Two waves represented by `y=asin(omegat-kx)` and `y=acos(omegat-kx)` are superposed. The resultant wave will have an amplitude.

To find the amplitude of the resultant wave formed by the superposition of the two given waves \( y = A \sin(\omega t - kx) \) and \( y = A \cos(\omega t - kx) \), we can follow these steps: ### Step 1: Identify the amplitudes of the waves The first wave is given by: \[ y_1 = A \sin(\omega t - kx) \] The amplitude \( A_1 \) of this wave is \( A \). The second wave is given by: \[ y_2 = A \cos(\omega t - kx) \] The amplitude \( A_2 \) of this wave is also \( A \). ### Step 2: Convert the cosine wave to sine form To compare the two waves, we can express the cosine function in terms of sine.
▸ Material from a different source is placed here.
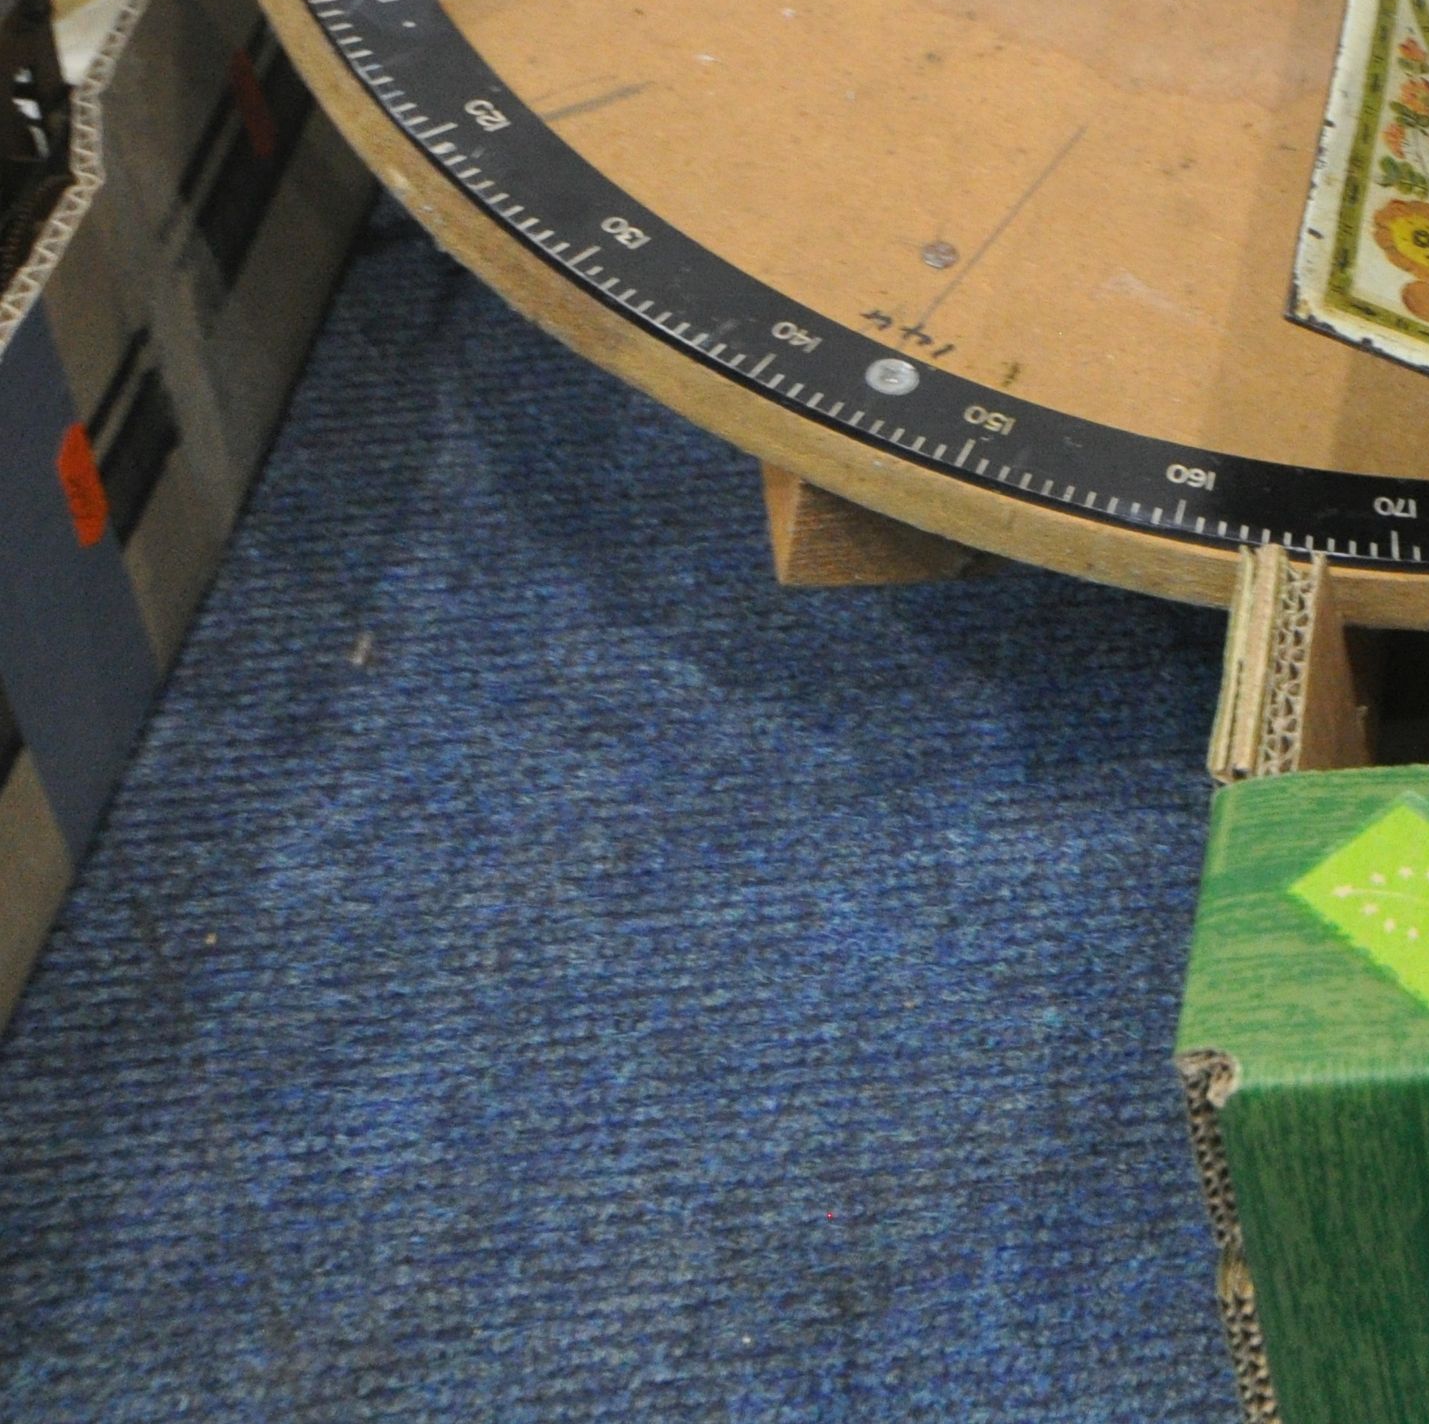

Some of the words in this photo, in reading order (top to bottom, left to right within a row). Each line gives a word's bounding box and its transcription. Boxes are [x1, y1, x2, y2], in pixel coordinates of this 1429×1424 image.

The cosine function can be written as: \[ \cos(\theta) = \sin\left(\theta + \frac{\pi}{2}\right) \] Thus, we can rewrite the second wave as: \[ y_2 = A \cos(\omega t - kx) = A \sin\left(\omega t - kx + \frac{\pi}{2}\right) \] ### Step 3: Determine the phase difference Now we have: - \( y_1 = A \sin(\omega t - kx) \) - \( y_2 = A \sin\left(\omega t - kx + \frac{\pi}{2}\right) \) The phase difference \( \phi \) between the two waves is: \[ \phi = \frac{\pi}{2} \] ### Step 4: Use the formula for resultant amplitude The formula for the resultant amplitude \( A_R \) when two waves are superimposed is given by: \[ A_R = \sqrt{A_1^2 + A_2^2 + 2 A_1 A_2 \cos(\phi)} \] Substituting the values we have: - \( A_1 = A \) - \( A_2 = A \) - \( \phi = \frac{\pi}{2} \) Thus, we get: \[ A_R = \sqrt{A^2 + A^2 + 2 A \cdot A \cdot \cos\left(\frac{\pi}{2}\right)} \] ### Step 5: Simplify the expression Since \( \cos\left(\frac{\pi}{2}\right) = 0 \), the equation simplifies to: \[ A_R = \sqrt{A^2 + A^2 + 0} \] \[ A_R = \sqrt{2A^2} \] \[ A_R = \sqrt{2} A \] ### Final Answer The amplitude of the resultant wave is: \[ A_R = \sqrt{2} A \]